From the Research
The most sensitive diagnostic test for Guillain-Barré syndrome (GBS) is clinical criteria, as electrophysiological criteria proposed by the NINDS, Dutch, and Brighton criteria are less sensitive compared to clinical criteria in diagnosing GBS at early stages 1.
Key Diagnostic Features
- Clinical assessment remains crucial, with progressive ascending weakness and diminished or absent deep tendon reflexes being hallmark features.
- Supportive diagnostic criteria include symptom progression over days to weeks, relative symmetry of symptoms, and mild sensory involvement.
- Electrophysiological studies, such as nerve conduction studies, can detect demyelination patterns and conduction blocks characteristic of GBS, but may not be as sensitive as clinical criteria, especially in the early stages of the disease.
Electrophysiological Findings
- The H reflex is the most sensitive test for early GBS, with absent H response, abnormal F wave, and abnormal upper extremity SNAP combined with a normal sural SNAP being characteristic of early GBS 2.
- Sensory nerve conduction studies, including the sural-sparing pattern and the sensory ratio, can be useful in the diagnosis of GBS, especially in establishing the diagnosis and predicting the outcome according to the various subtypes of the disease 3.

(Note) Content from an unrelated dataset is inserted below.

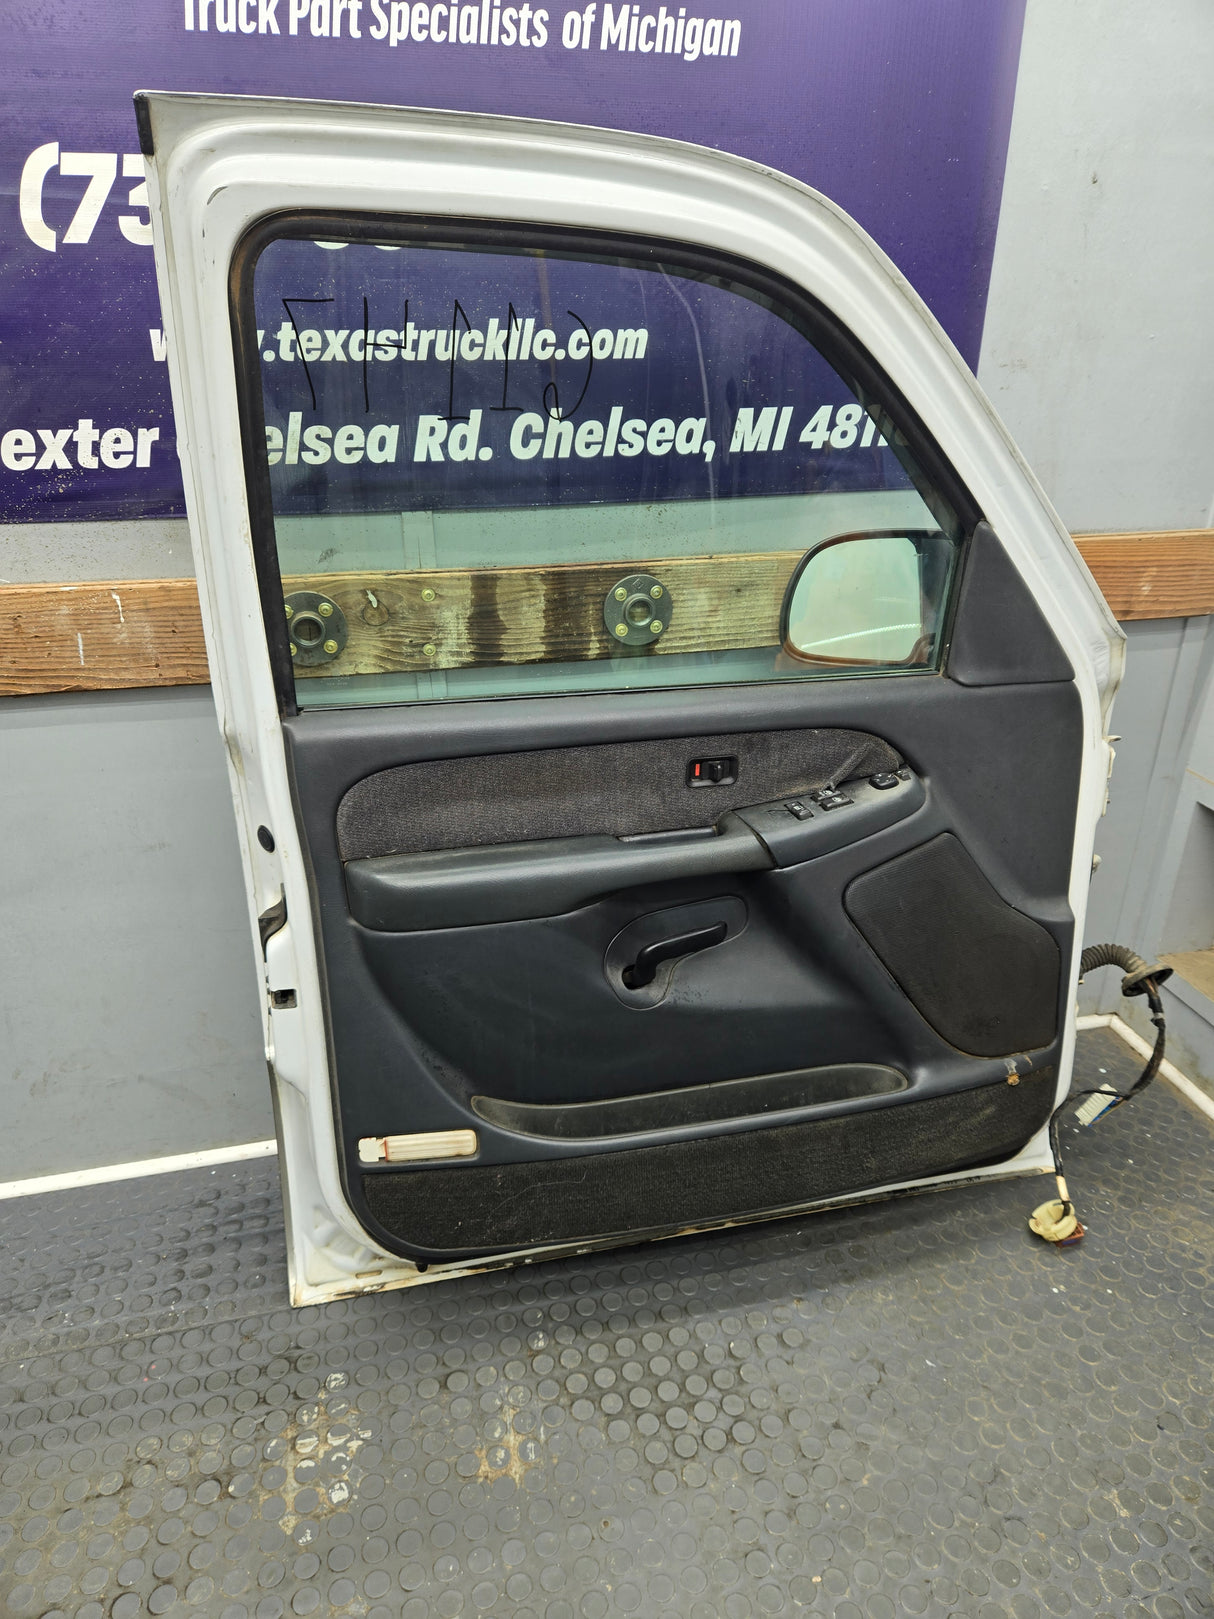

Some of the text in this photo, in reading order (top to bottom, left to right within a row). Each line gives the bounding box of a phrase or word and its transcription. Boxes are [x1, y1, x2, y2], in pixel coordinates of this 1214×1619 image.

Importance of Early Diagnosis
- Early diagnosis is essential as prompt treatment with intravenous immunoglobulin or plasma exchange within the first two weeks of symptom onset can significantly improve outcomes and reduce long-term disability.
- Comprehensive testing, including novel tests such as cutaneous silent periods, long latency reflexes, and contraction-induced H reflexes, can provide diagnostic certainty in most cases of GBS from the very first study 4.